### Data records
....
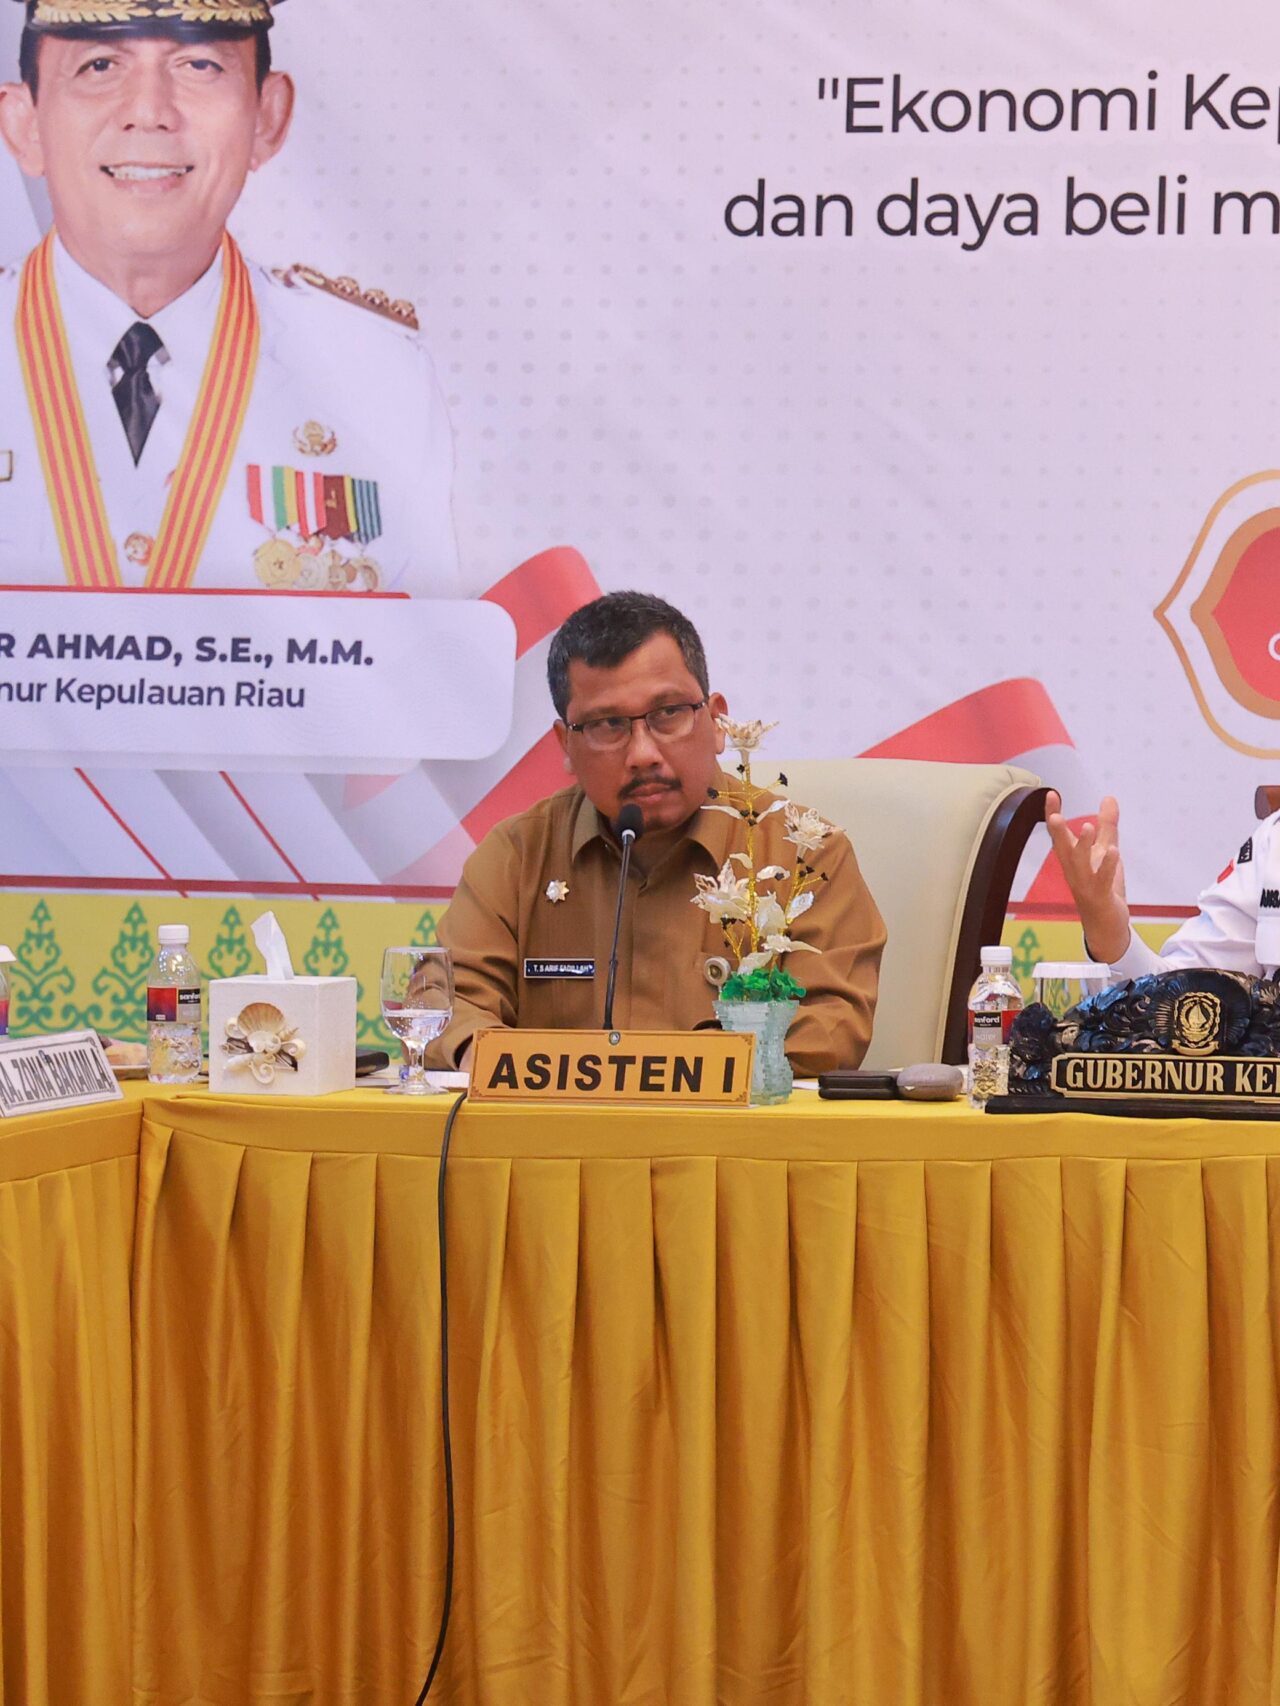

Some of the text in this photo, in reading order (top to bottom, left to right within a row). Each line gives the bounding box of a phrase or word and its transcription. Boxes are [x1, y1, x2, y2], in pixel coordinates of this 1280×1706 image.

[816, 69, 1158, 134] "Ekonomi
[724, 178, 854, 238] dan
[876, 177, 1039, 252] daya
[1065, 174, 1188, 236] beli
[26, 633, 182, 667] AHMAD,
[195, 637, 273, 668] S.E.,
[286, 638, 374, 666] M.M.
[55, 677, 226, 710] Kepulauan
[234, 679, 305, 708] Riau
[10, 1055, 58, 1100] ZONA
[44, 1047, 115, 1096] BAKAMLA
[487, 1053, 736, 1093] ASISTEN I
[1066, 1059, 1225, 1092] GUBERNUR
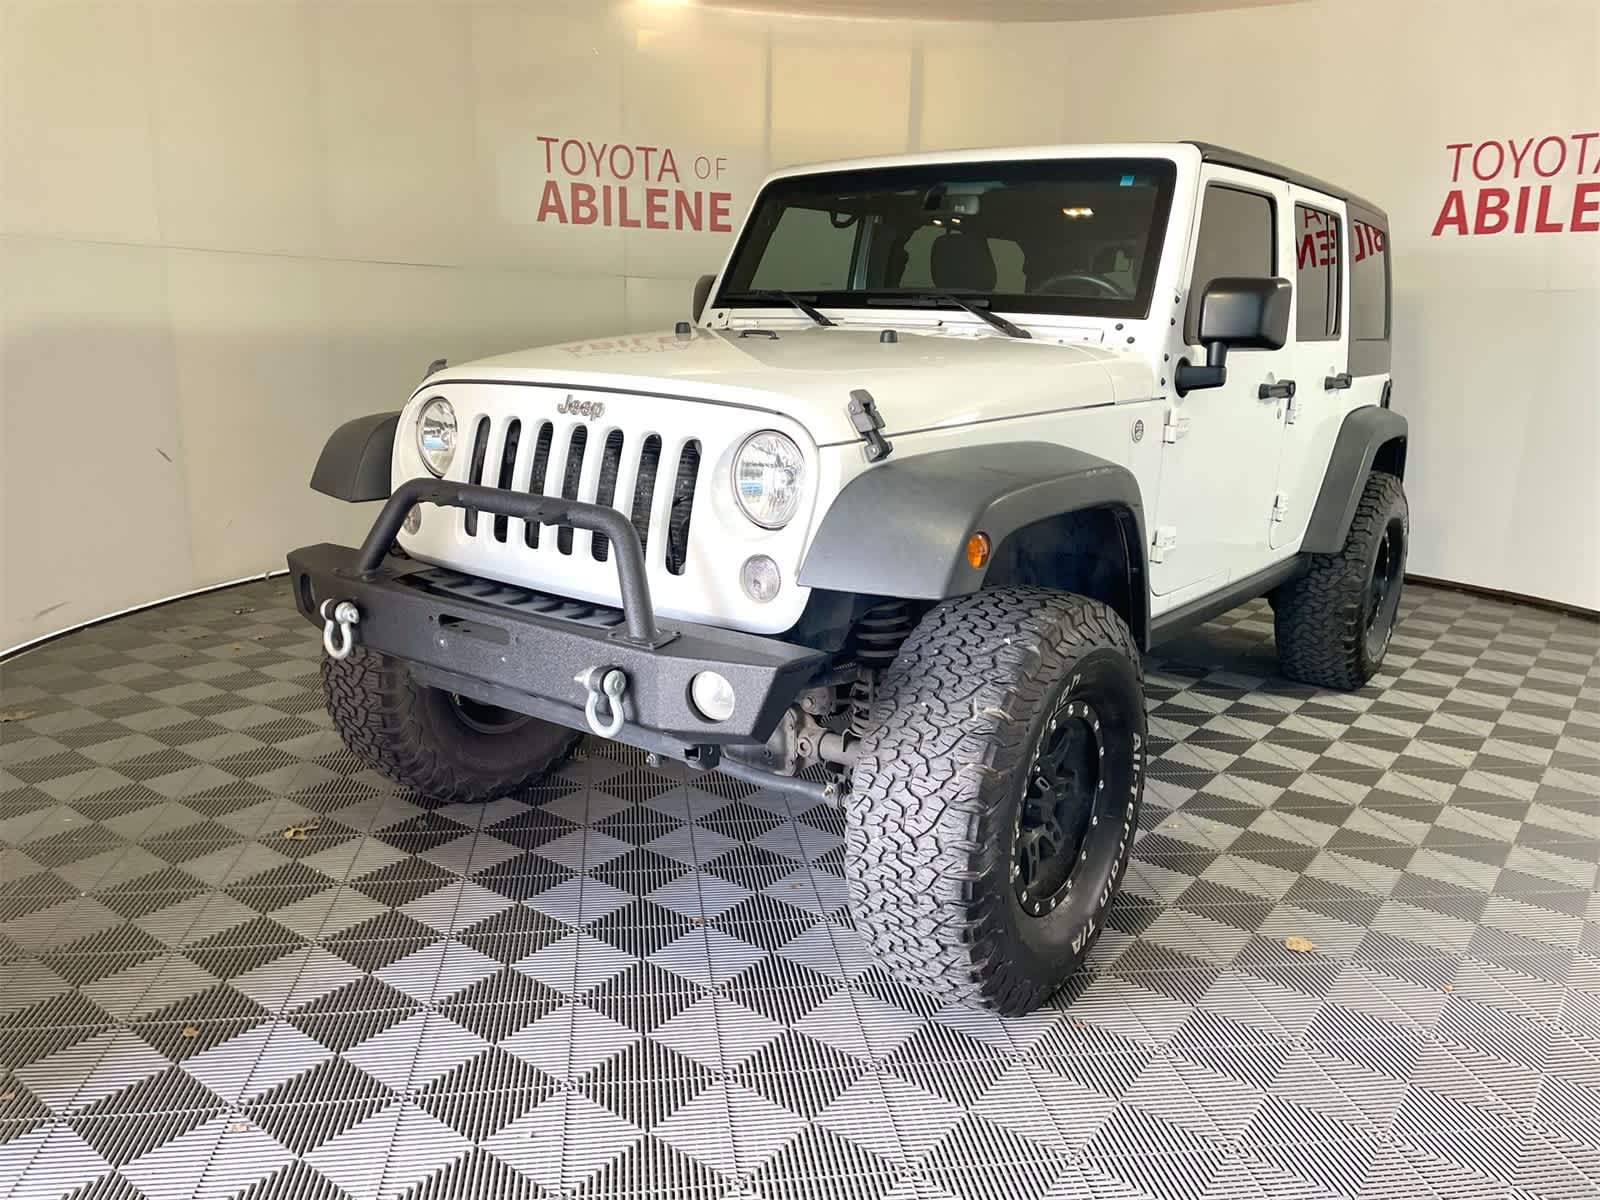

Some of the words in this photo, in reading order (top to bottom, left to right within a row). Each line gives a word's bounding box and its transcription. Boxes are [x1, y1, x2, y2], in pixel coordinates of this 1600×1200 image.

[537, 136, 680, 183] TOYOTA
[694, 156, 727, 180] OF
[536, 180, 732, 232] ABILENE
[1431, 183, 1600, 236] ABILE
[557, 394, 605, 421] Jeep
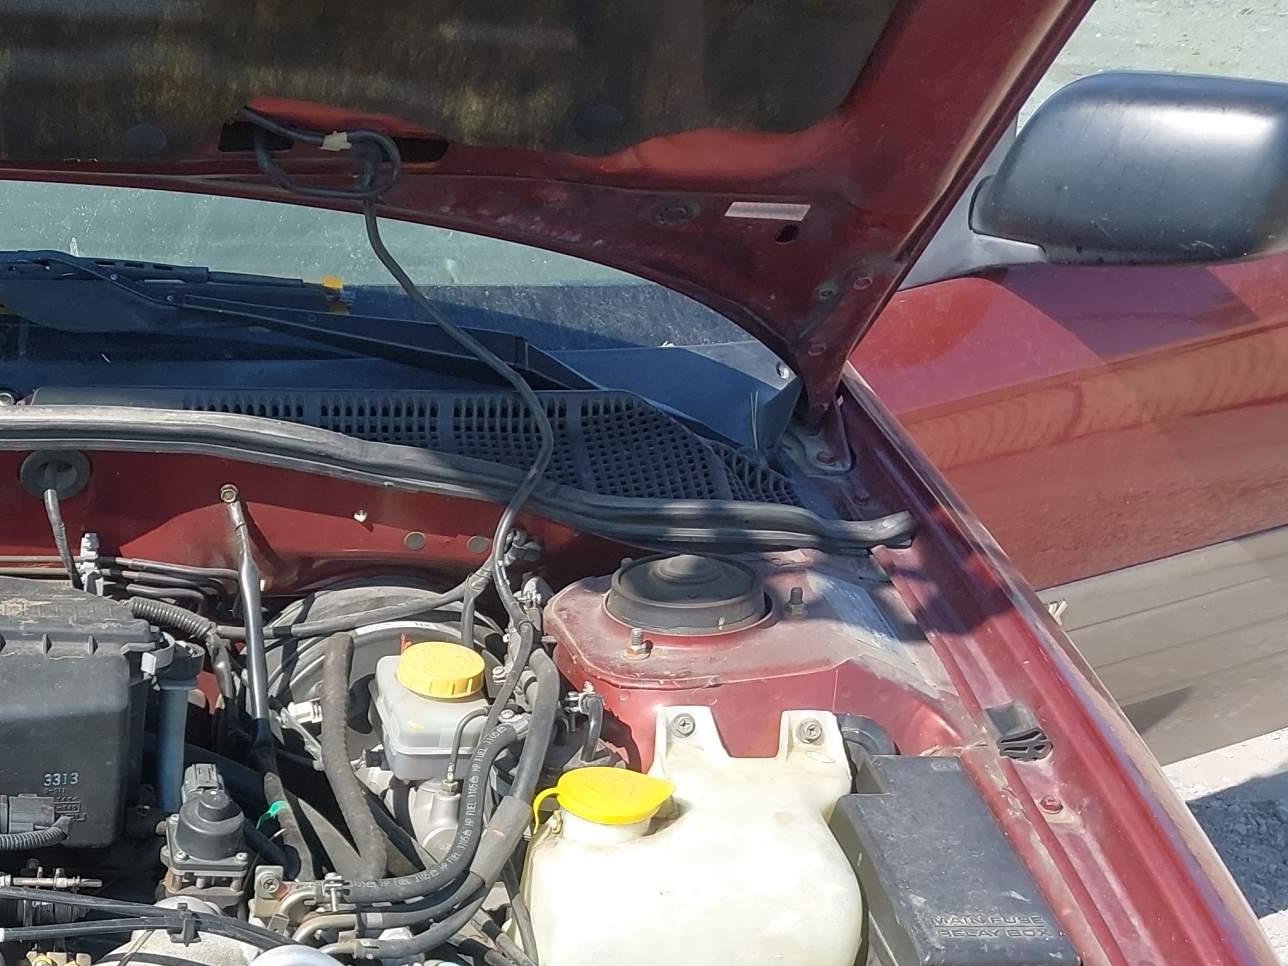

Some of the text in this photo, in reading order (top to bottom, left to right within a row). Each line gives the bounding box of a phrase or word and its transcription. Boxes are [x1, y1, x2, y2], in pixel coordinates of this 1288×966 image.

[43, 772, 79, 786] 3313
[931, 914, 1044, 925] MAIN FUSE
[937, 929, 1052, 937] RELAY BOX
....
### Work to complete
Only the text of the records belongs in your answer, repeated exactly; the pictures stay out.

### Answer to this problem
Some of the text in this photo, in reading order (top to bottom, left to right within a row). Each line gives the bounding box of a phrase or word and its transcription. Boxes are [x1, y1, x2, y2], in pixel coordinates of this 1280×1706 image.

[816, 69, 1158, 134] "Ekonomi
[724, 178, 854, 238] dan
[876, 177, 1039, 252] daya
[1065, 174, 1188, 236] beli
[26, 633, 182, 667] AHMAD,
[195, 637, 273, 668] S.E.,
[286, 638, 374, 666] M.M.
[55, 677, 226, 710] Kepulauan
[234, 679, 305, 708] Riau
[10, 1055, 58, 1100] ZONA
[44, 1047, 115, 1096] BAKAMLA
[487, 1053, 736, 1093] ASISTEN I
[1066, 1059, 1225, 1092] GUBERNUR

Some of the words in this photo, in reading order (top to bottom, left to right within a row). Each line gives a word's bounding box and its transcription. Boxes are [x1, y1, x2, y2], in pixel coordinates of this 1600×1200 image.

[537, 136, 680, 183] TOYOTA
[694, 156, 727, 180] OF
[536, 180, 732, 232] ABILENE
[1431, 183, 1600, 236] ABILE
[557, 394, 605, 421] Jeep

Some of the text in this photo, in reading order (top to bottom, left to right within a row). Each line gives the bounding box of a phrase or word and its transcription. Boxes are [x1, y1, x2, y2], in pixel coordinates of this 1288×966 image.

[43, 772, 79, 786] 3313
[931, 914, 1044, 925] MAIN FUSE
[937, 929, 1052, 937] RELAY BOX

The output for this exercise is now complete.